# [What you will do]
Print a faithful copy of the data below, word for word, with the pictures left out.

Dataset entries:
###

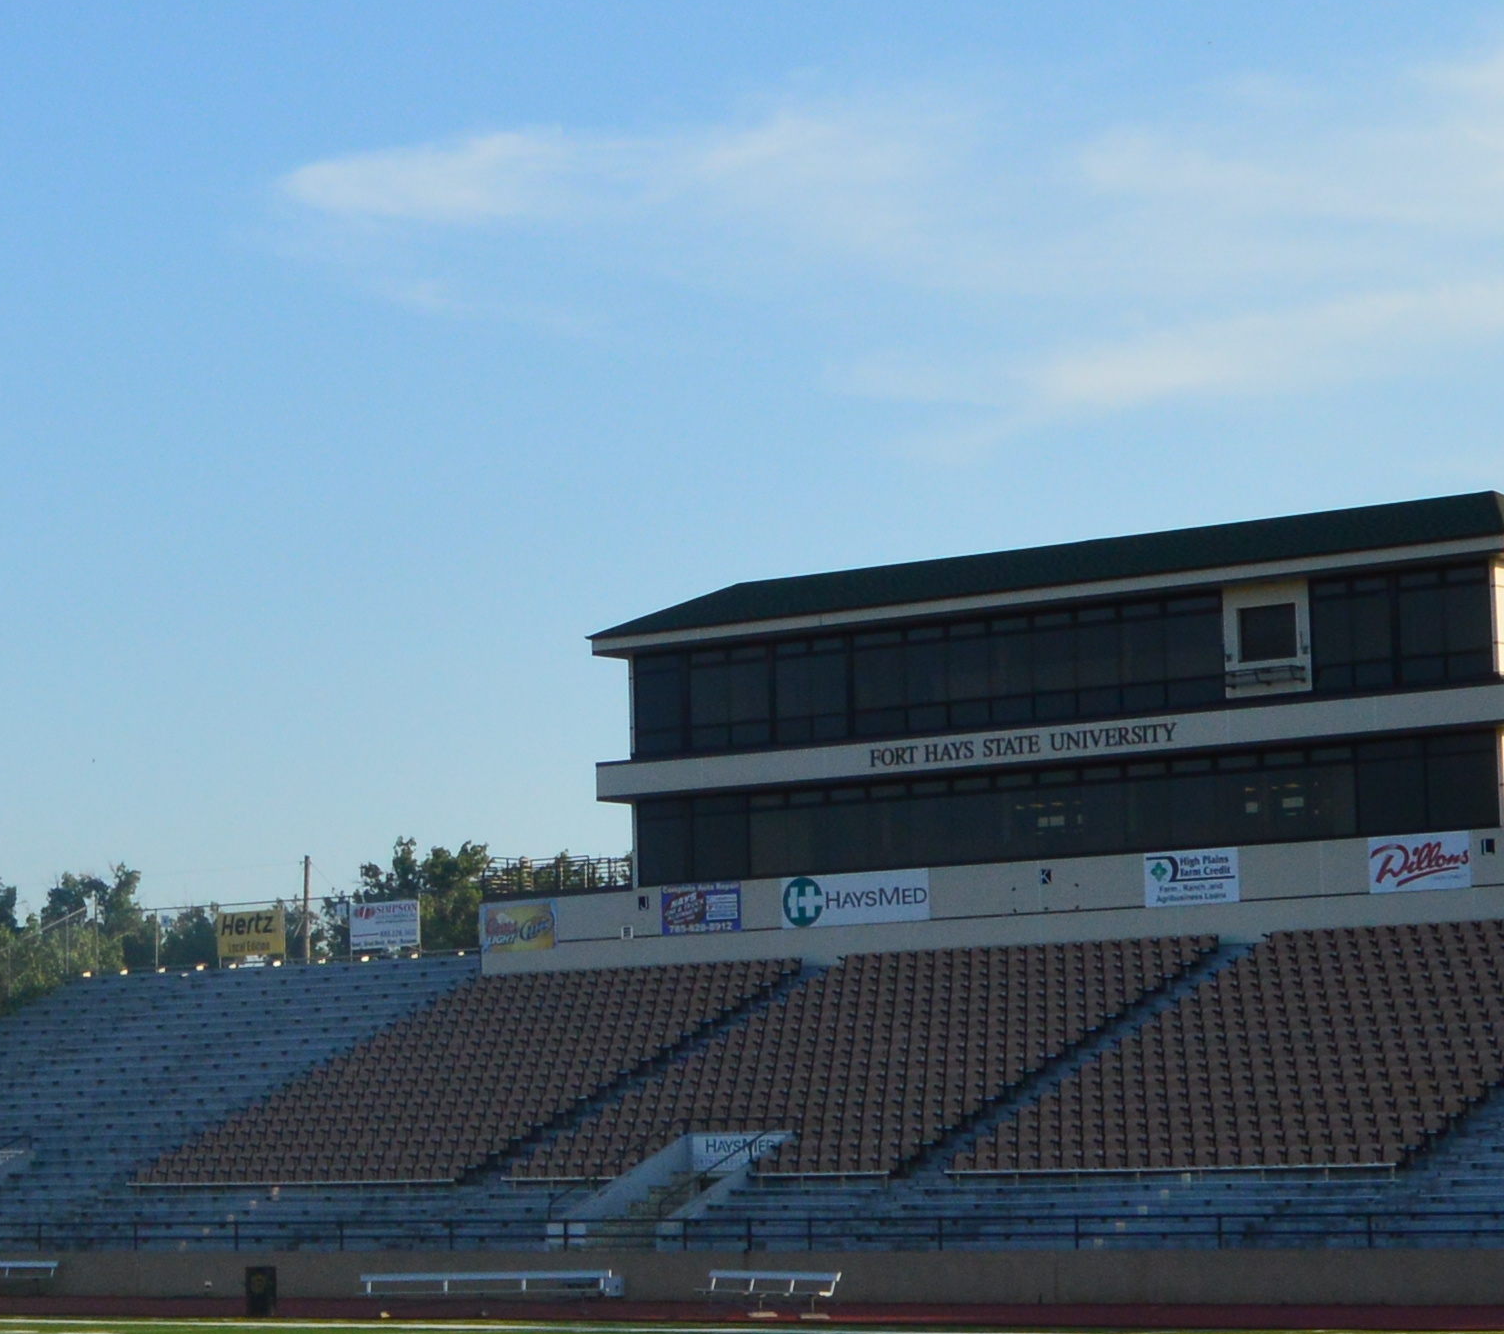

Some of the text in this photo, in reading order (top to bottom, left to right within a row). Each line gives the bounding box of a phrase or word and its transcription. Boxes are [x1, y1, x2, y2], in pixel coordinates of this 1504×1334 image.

[870, 722, 1177, 767] FORT HAYS STATE UNIVERSITY
[1179, 855, 1229, 867] High Plains
[1203, 865, 1231, 875] Credit
[1370, 841, 1469, 884] Dillons
[825, 887, 927, 909] HAYSMED
[221, 912, 274, 936] Hertz
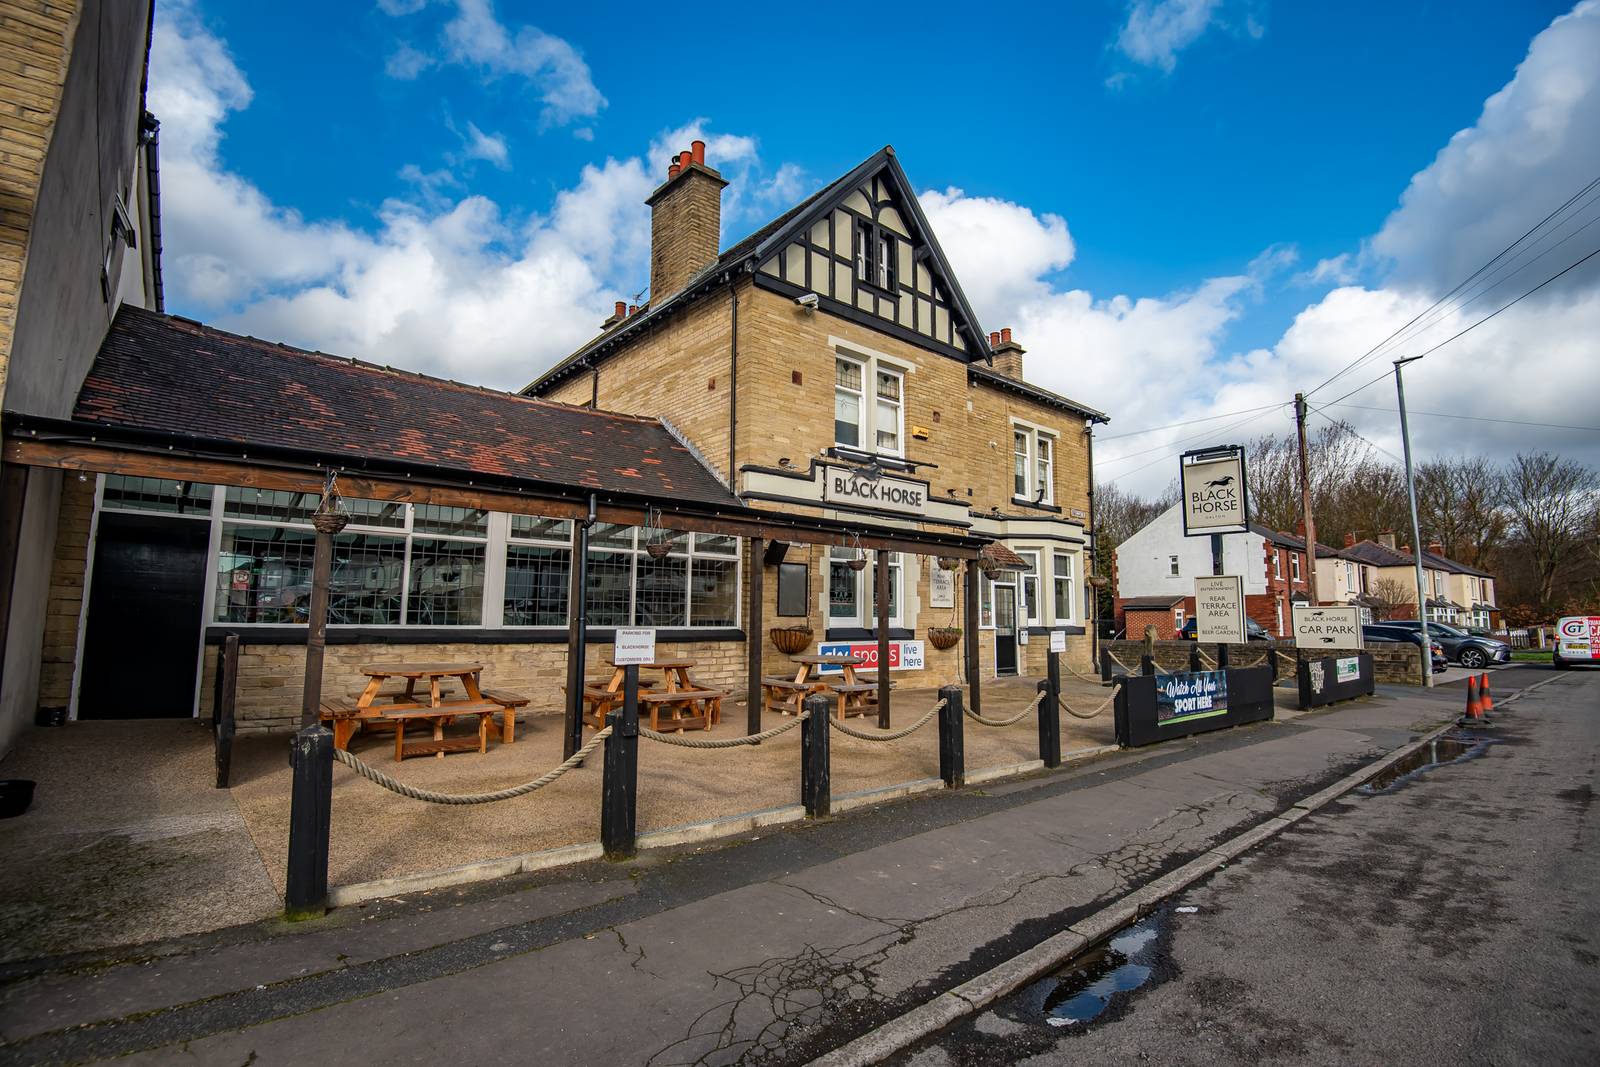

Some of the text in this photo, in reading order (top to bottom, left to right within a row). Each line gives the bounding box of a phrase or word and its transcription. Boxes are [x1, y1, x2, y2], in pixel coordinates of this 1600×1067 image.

[835, 477, 922, 507] BLACK HORSE
[1192, 488, 1236, 502] BLACK
[1192, 500, 1238, 514] HORSE
[1201, 602, 1237, 610] TERRACE
[1299, 625, 1356, 634] CAR PARK
[1568, 625, 1584, 633] GT
[903, 644, 917, 655] live
[853, 649, 897, 667] spos
[903, 656, 922, 667] here
[1166, 677, 1189, 698] Watch
[1190, 677, 1203, 696] All
[1174, 695, 1213, 713] SPORT HERE

###

# [Answer below]
Some of the text in this photo, in reading order (top to bottom, left to right within a row). Each line gives the bounding box of a phrase or word and its transcription. Boxes are [x1, y1, x2, y2], in pixel coordinates of this 1504×1334 image.

[870, 722, 1177, 767] FORT HAYS STATE UNIVERSITY
[1179, 855, 1229, 867] High Plains
[1203, 865, 1231, 875] Credit
[1370, 841, 1469, 884] Dillons
[825, 887, 927, 909] HAYSMED
[221, 912, 274, 936] Hertz

Some of the text in this photo, in reading order (top to bottom, left to right within a row). Each line gives the bounding box of a phrase or word and its transcription. Boxes are [x1, y1, x2, y2], in pixel coordinates of this 1600×1067 image.

[835, 477, 922, 507] BLACK HORSE
[1192, 488, 1236, 502] BLACK
[1192, 500, 1238, 514] HORSE
[1201, 602, 1237, 610] TERRACE
[1299, 625, 1356, 634] CAR PARK
[1568, 625, 1584, 633] GT
[903, 644, 917, 655] live
[853, 649, 897, 667] spos
[903, 656, 922, 667] here
[1166, 677, 1189, 698] Watch
[1190, 677, 1203, 696] All
[1174, 695, 1213, 713] SPORT HERE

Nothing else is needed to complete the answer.